I caught the bus, just, and thumped down on the nearest seat, bumping into the person in the window seat. I didn’t look at the person. Half-closed my eyes, probably, concentrating on getting my breath back. The bus bumped and jolted along the road and I remember thinking that they really ought to do a proper repair, not just fill in the winter potholes. That must have been the last thing I thought of before it happened because the man who pulled me out told me, months on when I was able to hear properly again, that I’d been shouting about repairing the road. I remember nothing. No, that’s not quite true. I remember bubbles. Like that little boy was blowing. I did tell the kind man. There were bubbles bursting, I told him. He said that it must have been something to do with the explosion. I was so close, you see. I’ve been told it was a woman, that person I sat down next to, the one who did it.
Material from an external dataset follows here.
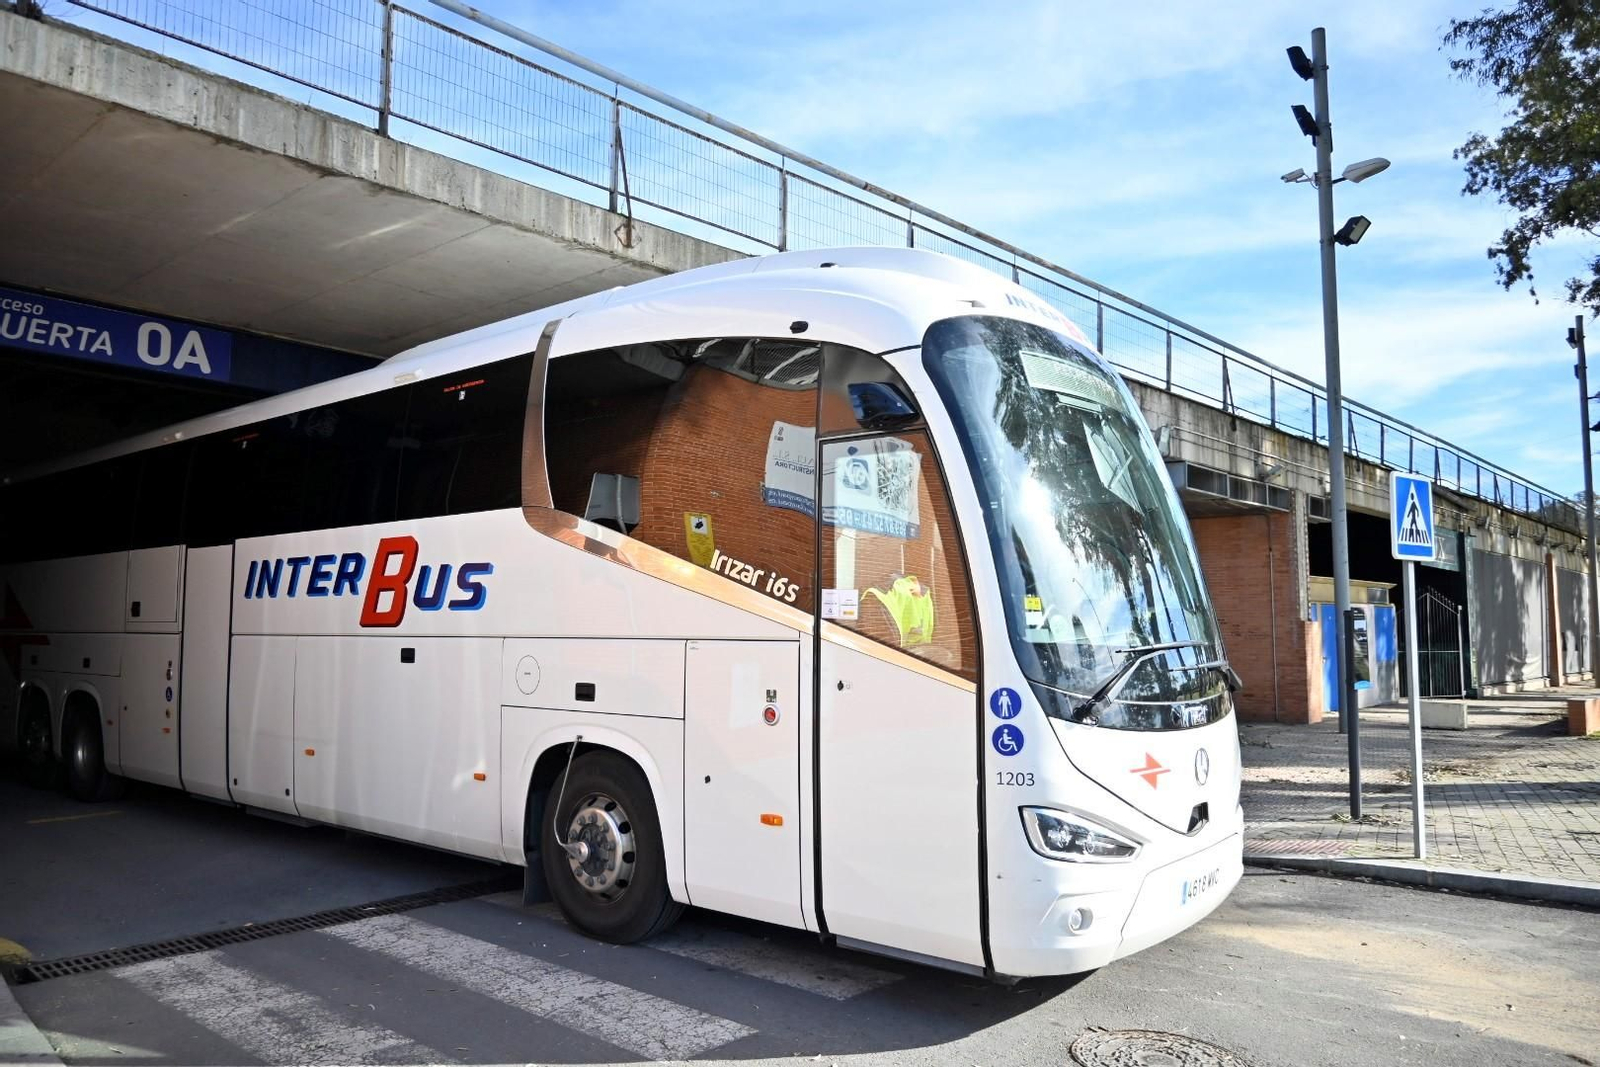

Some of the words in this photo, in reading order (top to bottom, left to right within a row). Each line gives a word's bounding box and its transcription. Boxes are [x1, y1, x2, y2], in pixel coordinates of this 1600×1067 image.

There is a seat in our porch now. Maybe that dear kind man organised it. I sit there with Mum when the sun’s shining. It’s good to feel it on my face and Mum describes the colours to me. It’s not right is it, her still having to look after me at her age? Though in a funny way it seems to have done her good, given her back a purpose. I don’t know, but maybe her sight is improving now she has to see for the two of us. She told me today that a little boy was walking down the street blowing bubbles. Pretty bubbles in the air, she said.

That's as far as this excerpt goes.